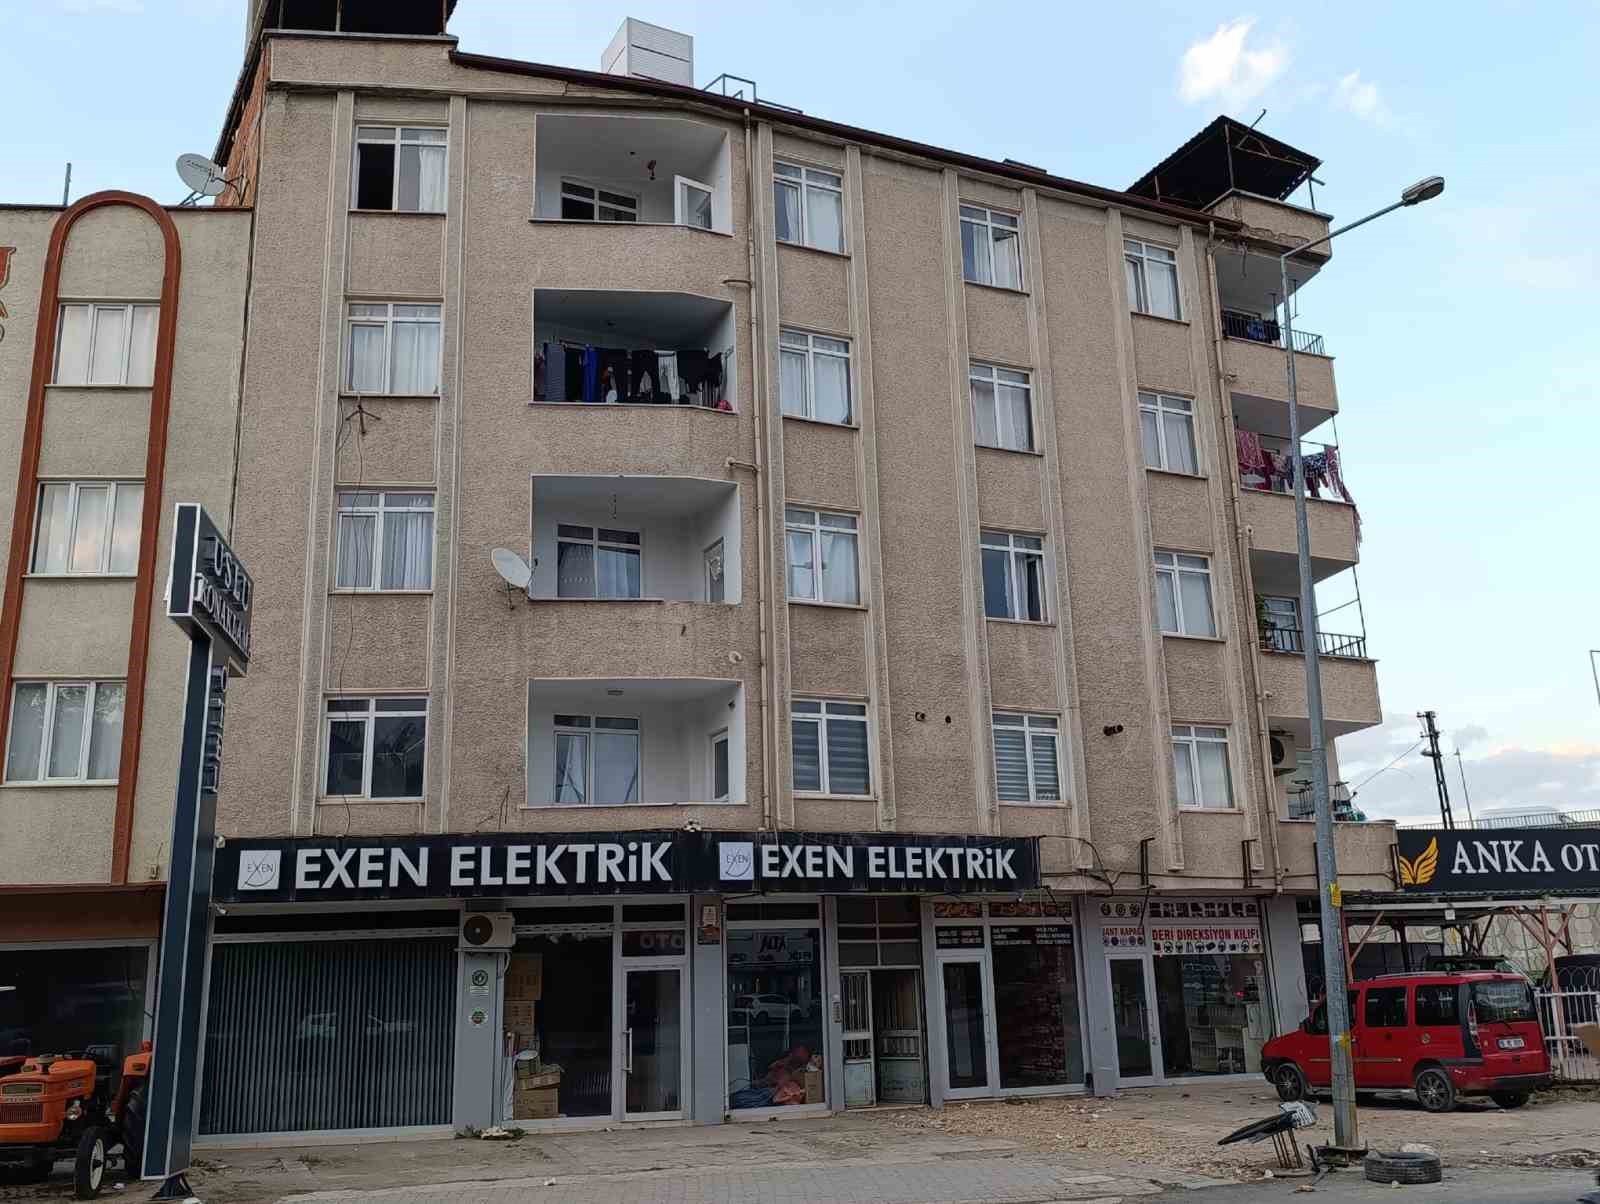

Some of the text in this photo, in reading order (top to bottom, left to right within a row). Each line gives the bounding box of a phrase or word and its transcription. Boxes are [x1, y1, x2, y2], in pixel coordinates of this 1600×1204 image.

[294, 847, 429, 889] EXEN
[761, 844, 854, 879] EXEN
[1451, 840, 1555, 874] ANKA
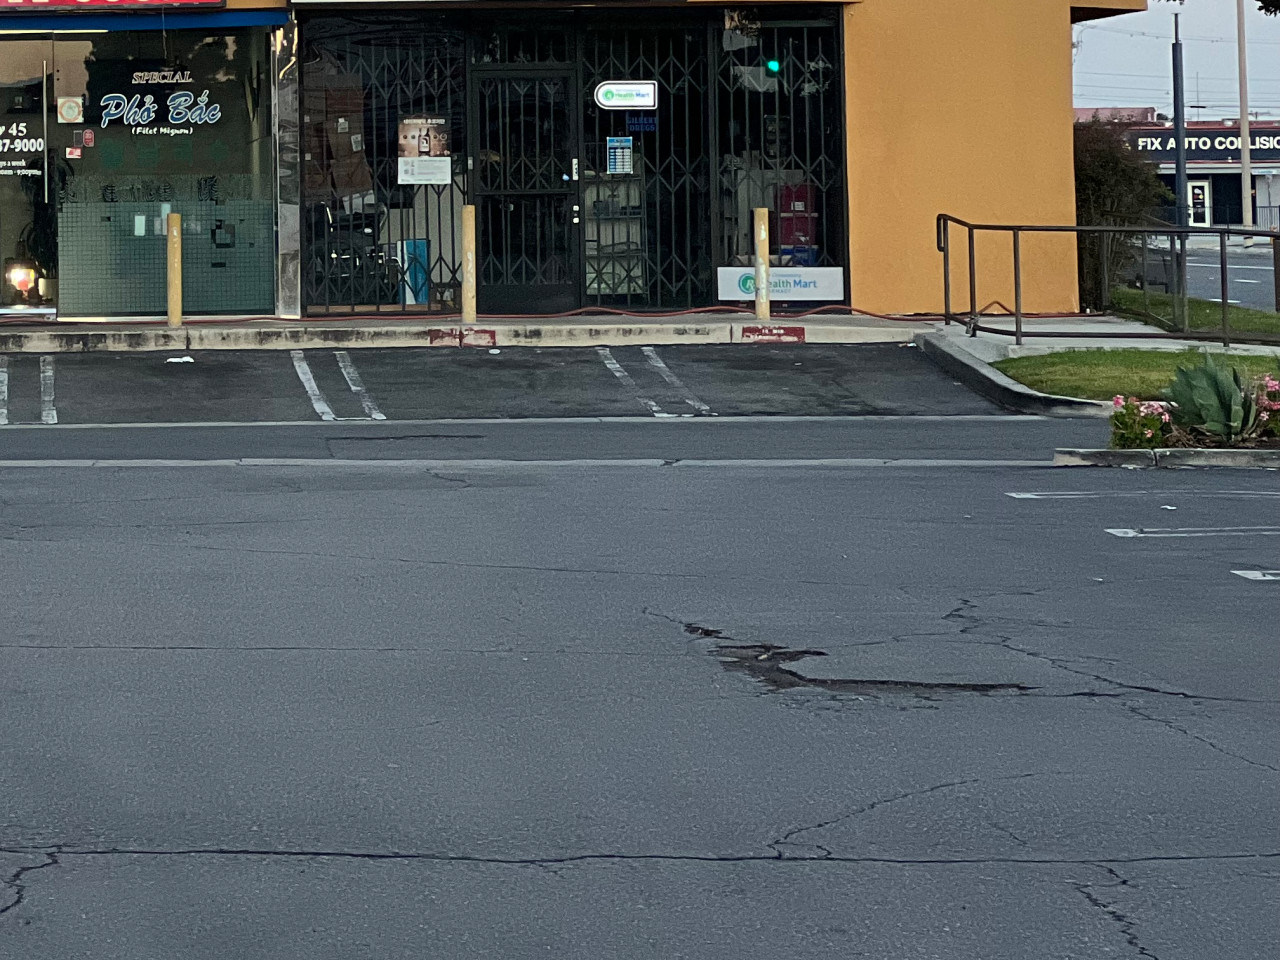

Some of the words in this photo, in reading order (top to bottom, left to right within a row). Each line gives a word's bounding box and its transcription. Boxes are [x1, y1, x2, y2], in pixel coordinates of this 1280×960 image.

[132, 71, 193, 84] SPECIAL
[8, 122, 27, 137] 45
[1138, 137, 1162, 150] FIX
[1166, 137, 1211, 150] ATO
[769, 279, 792, 288] ealth
[793, 279, 817, 288] Mart

________________

Task objective — Beginning with the line in which "Some of the words" appears, set down each line through the last one in the listing, unchanged and with no extras.

Solution below —
Some of the words in this photo, in reading order (top to bottom, left to right within a row). Each line gives a word's bounding box and its transcription. Boxes are [x1, y1, x2, y2], in pixel coordinates of this 1280×960 image.

[132, 71, 193, 84] SPECIAL
[8, 122, 27, 137] 45
[1138, 137, 1162, 150] FIX
[1166, 137, 1211, 150] ATO
[769, 279, 792, 288] ealth
[793, 279, 817, 288] Mart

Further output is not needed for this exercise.